Bir diğer kaynak da, olaylar sırasında otelde olan (sonradan Başsavcı Yardımcısı olacak) Eduardo Kayihura. Kayihura'nın Inside Hotel Rwanda isimli kitabı her şeye ışık tutuyor.

Bir kaynak da önümüzdeki haftalarda piyasaya çıkacak. Türk gezgin Okan Okumuş'un Afrika gezilerini konu edinen kitabında bu konu daha çok detaylı incelenemiş. Okuşum, bizzat olayın kahramanları ile görüşerek yaşananları kitabında okuru ile buluşturacak. Okumuş'un, bugüne kadar çıkan gezi kitaplarının yanı sıra Afrikayı konu alan ve sonbahara doğru çıkacak olan kitabını mutlaka ama mutlaka okumanızı tavsiye ederim.

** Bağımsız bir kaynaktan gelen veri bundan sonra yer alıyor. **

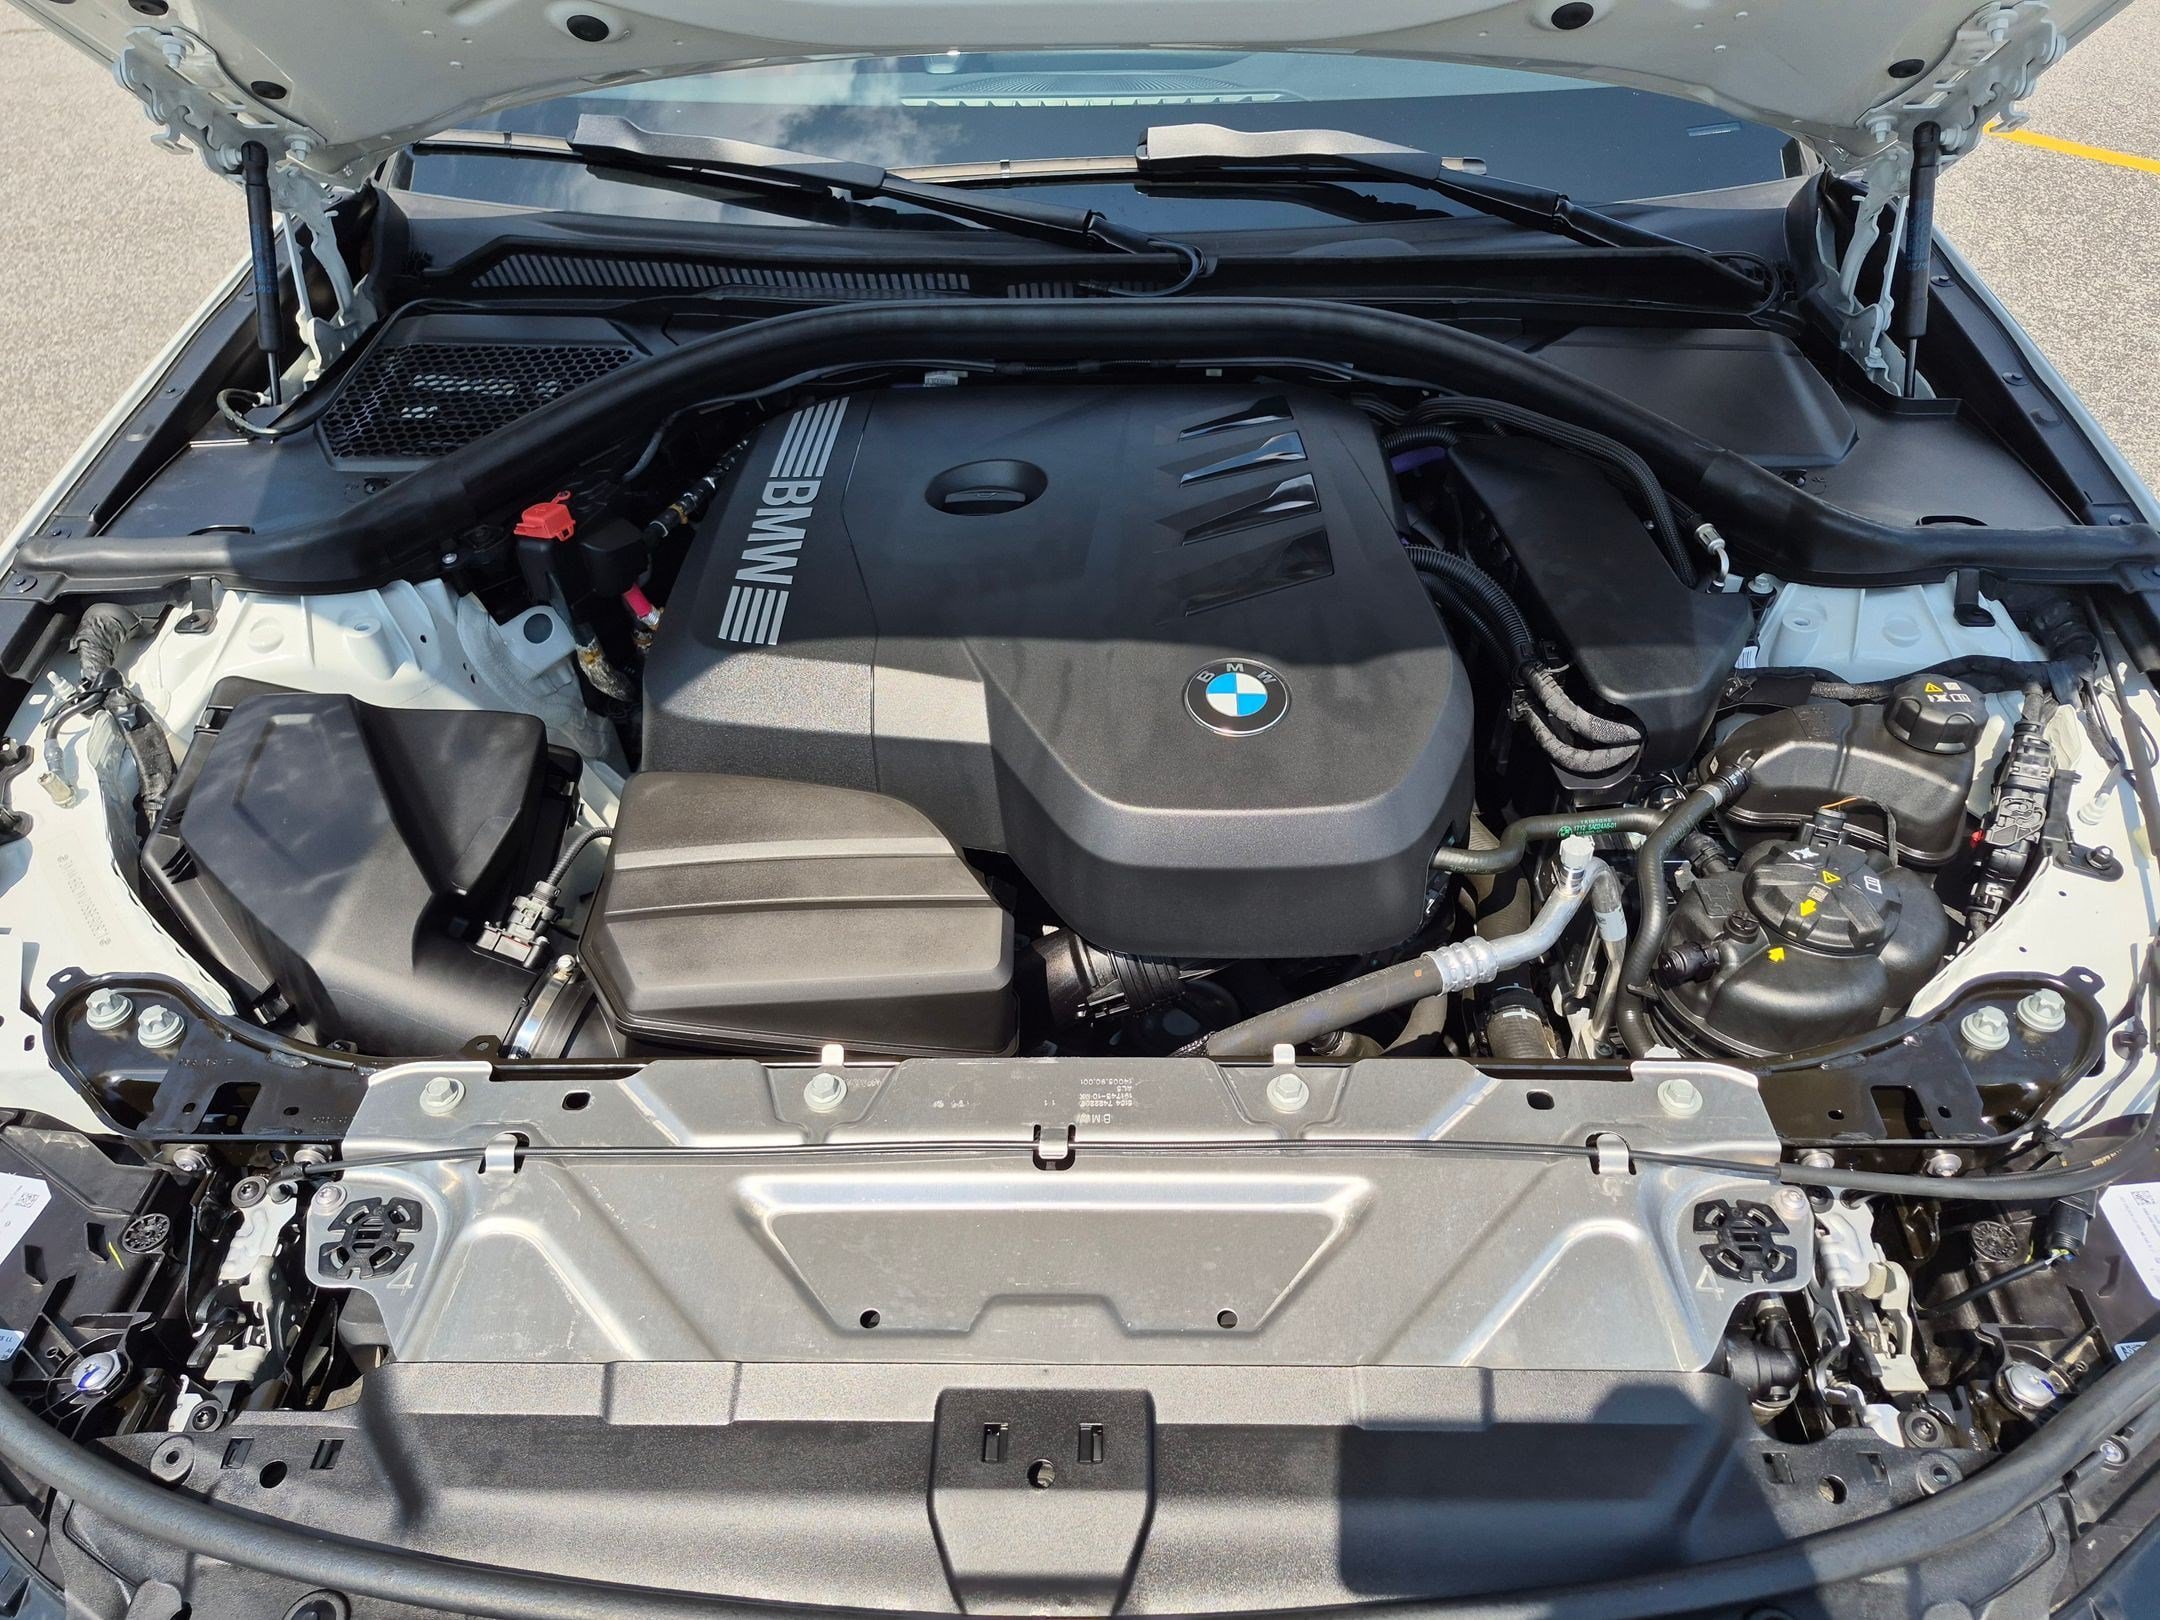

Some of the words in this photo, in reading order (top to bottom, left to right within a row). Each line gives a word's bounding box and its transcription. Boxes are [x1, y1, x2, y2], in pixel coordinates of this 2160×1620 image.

[735, 480, 821, 584] BMW
[1196, 663, 1277, 684] BMW
[386, 1262, 418, 1296] 4
[1695, 1264, 1725, 1301] 4

Cumhurbaşkanı Erdoğan ve Hotel Rwanda ilişkisi

Peki, Hotel Rwanda'nın ismini saydığım Türk lider Erdoğan ile ne ilgisi var? Buyurun hep beraber bakalım:

Yeni Türkiye'nin lideri Recep Tayyip Erdoğan, ülkesinin bağımsızlığı ve Ortadoğu'da kalıcı barış için gecesini gündüzüne katarak aralıksız çalışıyor. Neredeyse evine bile gitmiyor.

Yüz yıllık kangren haline dönüşen Kürt sorununa çözüm buldu ve pratiğe geçirdi. Ancak ABD, İngiltere, İsrail ve AB kontrolündeki kan taciri PKK terör örgütü bu süreci batırmak için elinden geleni yaptı. Ve süreci sekteye uğratmayı başardı. Buna rağmen Erdoğan, yüz yıllık bu sorunu çözmeye kararlı olduğunu deklare etti.

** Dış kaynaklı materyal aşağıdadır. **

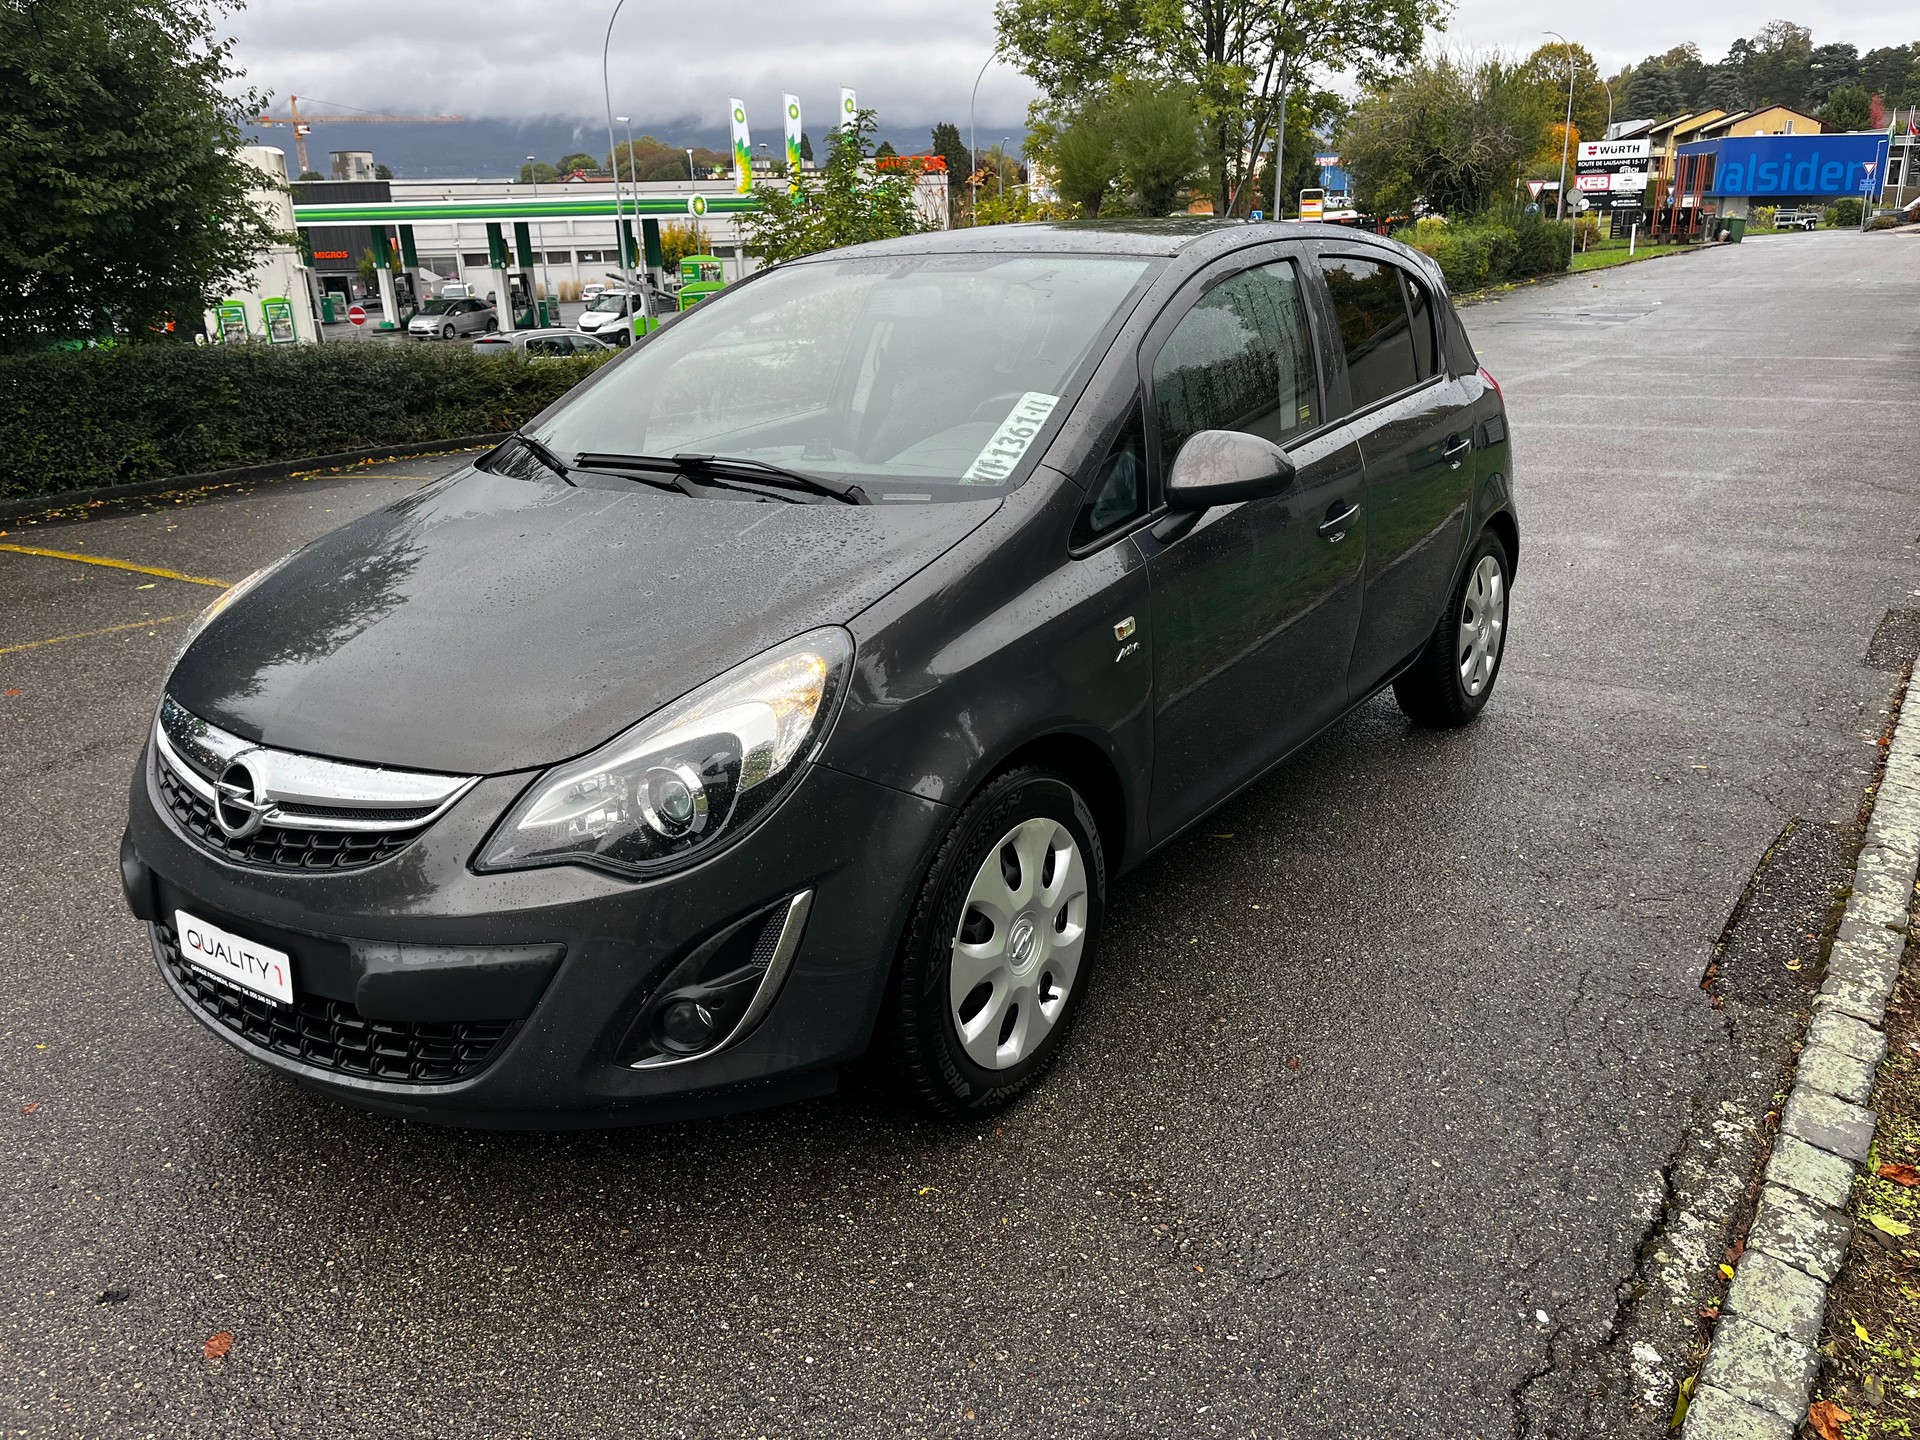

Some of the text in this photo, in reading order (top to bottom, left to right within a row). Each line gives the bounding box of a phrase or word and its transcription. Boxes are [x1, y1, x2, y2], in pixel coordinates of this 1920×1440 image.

[1600, 145, 1640, 154] WÜRTH
[1576, 177, 1609, 190] KEB
[314, 251, 348, 259] MIGROS
[187, 929, 283, 986] QUALITY 1

NATO'nun 5. Kol Faaliyeti kapsamında ülkemizde kurduğu çassluk e ihanet şebekesi 50 Fetullahçı Terör Örgütü ile mücadele edebilen tek lider oldu. Ülkesini sol terör örgütleri şiddetinden kurtarmayı başardı. FETÖ'ye ağır darbe indirdi. PKK çetelerini bitirme safhasına getirdi. Başta Almanya ve Belçika olmak üzere bir çok batılı ülkenin kontrolünde olan sol terör örgütlerini tasfiye etti.

Olağanüstü mevcut Cumhurbaşkanı yetkilerinden vazgeçip, denetlenebilir ve yargılanabilir bir cumhurbaşkanlığının oluşması için referanduma gidiyor.

Erdoğan, ülkesinde 400 bin Afgan, 700 bin Irak ve 3 milyonun üzerinde Suriyeli mülteciyi ülkesinde ağırlıyor.

Ülkesine getirdiği demokratik hakları saymakla bitmiyor.

Erdoğan'ı ülkesinin dışına taşıran ve tüm dünyanın gündemine sokan en büyük özelliği ise, dünya halklarını sömüren kurulu mevcut düzene isyan etmesidir. Bütün dünyanın kaderinin BM'nin 5 üyeden oluşan Güvenlik Konseyi'nin iki dudağı arasına bırakılmasına isyan etti.

Sinema, edebiyat, tüm kitle iletişim araçları ve medya dünyası elinde olan mevcut sömürgeci düzen, bu lideri, diktatör, yeteneksiz, beceriksiz gibi küçültücü sıfatlarla tanımlıyor. Diğer taraftan Hotel Rwanda'nın hırsız ve ahlaksız müdürü Paul'ün şahsında kendi ahlaksızlarını, zalimlerini, hırsızlarını, sömürgecilerini bizlere kahraman olanak gösteriyor.

Bugün, egemenlerin kontrolünde olan medyanın bize göstermeye çalıştığı bütün dünya inanın bir Hotel Rwanda illüzyonudur.